* **STORED DATA**:
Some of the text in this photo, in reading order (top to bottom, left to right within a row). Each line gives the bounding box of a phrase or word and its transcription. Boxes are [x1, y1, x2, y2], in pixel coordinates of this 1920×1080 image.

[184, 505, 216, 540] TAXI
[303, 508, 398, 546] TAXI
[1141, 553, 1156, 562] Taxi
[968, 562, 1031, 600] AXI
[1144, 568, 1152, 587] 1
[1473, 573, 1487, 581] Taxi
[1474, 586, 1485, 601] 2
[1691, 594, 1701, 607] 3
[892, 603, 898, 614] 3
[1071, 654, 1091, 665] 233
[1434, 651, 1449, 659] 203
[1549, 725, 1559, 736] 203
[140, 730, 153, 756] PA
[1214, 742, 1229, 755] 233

* **REQUIRED ACTION**:
Repeat the material in full. Nothing may differ.

* **EXPECTED OUTPUT**:
Some of the text in this photo, in reading order (top to bottom, left to right within a row). Each line gives the bounding box of a phrase or word and its transcription. Boxes are [x1, y1, x2, y2], in pixel coordinates of this 1920×1080 image.

[184, 505, 216, 540] TAXI
[303, 508, 398, 546] TAXI
[1141, 553, 1156, 562] Taxi
[968, 562, 1031, 600] AXI
[1144, 568, 1152, 587] 1
[1473, 573, 1487, 581] Taxi
[1474, 586, 1485, 601] 2
[1691, 594, 1701, 607] 3
[892, 603, 898, 614] 3
[1071, 654, 1091, 665] 233
[1434, 651, 1449, 659] 203
[1549, 725, 1559, 736] 203
[140, 730, 153, 756] PA
[1214, 742, 1229, 755] 233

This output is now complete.